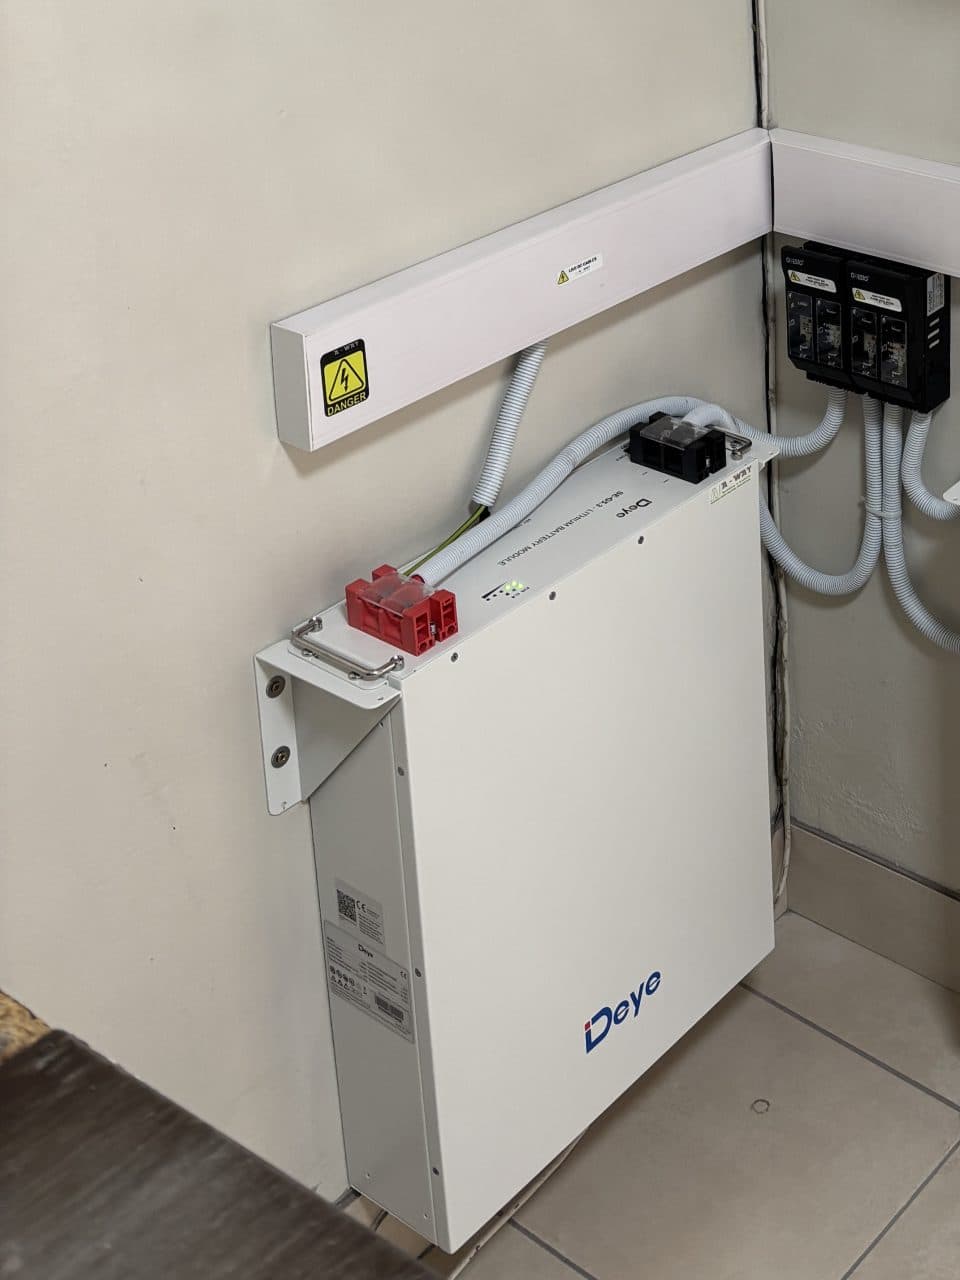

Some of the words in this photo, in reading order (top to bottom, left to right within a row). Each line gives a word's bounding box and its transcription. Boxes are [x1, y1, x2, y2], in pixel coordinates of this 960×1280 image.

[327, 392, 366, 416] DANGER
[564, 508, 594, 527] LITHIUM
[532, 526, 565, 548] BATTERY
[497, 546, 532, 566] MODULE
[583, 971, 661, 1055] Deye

__________

Work required :: Each line above should be written out again exactly, and no picture should appear in the copy.

Response below ::
Some of the words in this photo, in reading order (top to bottom, left to right within a row). Each line gives a word's bounding box and its transcription. Boxes are [x1, y1, x2, y2], in pixel coordinates of this 960×1280 image.

[327, 392, 366, 416] DANGER
[564, 508, 594, 527] LITHIUM
[532, 526, 565, 548] BATTERY
[497, 546, 532, 566] MODULE
[583, 971, 661, 1055] Deye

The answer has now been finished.